# What you will do
Repeat the records below verbatim, and do not copy their pictures.

# Provided material
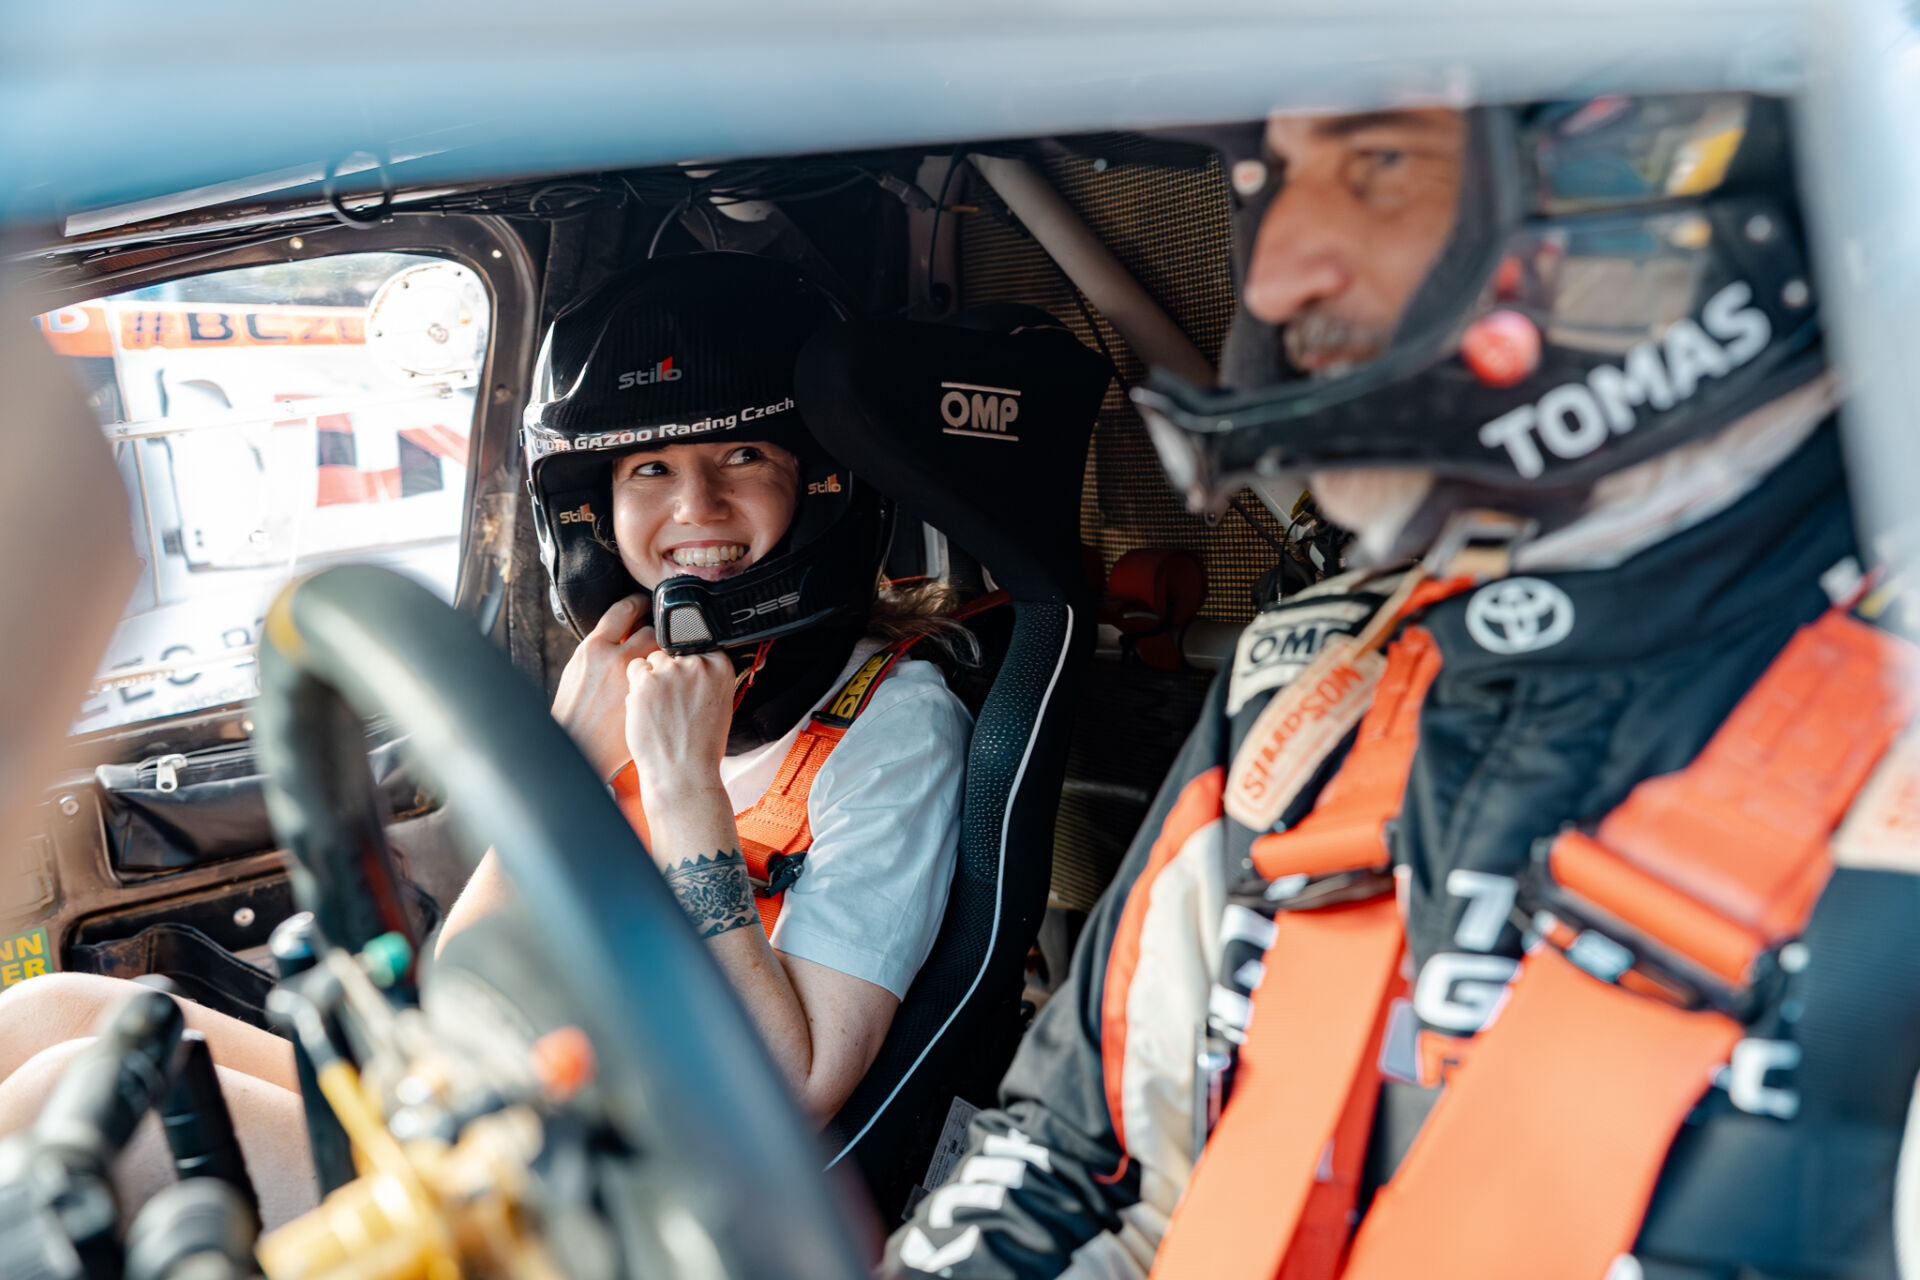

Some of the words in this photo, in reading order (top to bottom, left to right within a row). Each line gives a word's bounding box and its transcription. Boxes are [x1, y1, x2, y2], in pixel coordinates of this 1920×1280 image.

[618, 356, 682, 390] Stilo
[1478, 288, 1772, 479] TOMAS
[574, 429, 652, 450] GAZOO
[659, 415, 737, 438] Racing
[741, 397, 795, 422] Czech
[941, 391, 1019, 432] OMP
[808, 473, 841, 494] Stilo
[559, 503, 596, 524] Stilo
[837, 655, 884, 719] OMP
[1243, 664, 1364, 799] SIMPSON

# Solution for this problem
Some of the words in this photo, in reading order (top to bottom, left to right within a row). Each line gives a word's bounding box and its transcription. Boxes are [x1, y1, x2, y2], in pixel coordinates of this 1920×1280 image.

[618, 356, 682, 390] Stilo
[1478, 288, 1772, 479] TOMAS
[574, 429, 652, 450] GAZOO
[659, 415, 737, 438] Racing
[741, 397, 795, 422] Czech
[941, 391, 1019, 432] OMP
[808, 473, 841, 494] Stilo
[559, 503, 596, 524] Stilo
[837, 655, 884, 719] OMP
[1243, 664, 1364, 799] SIMPSON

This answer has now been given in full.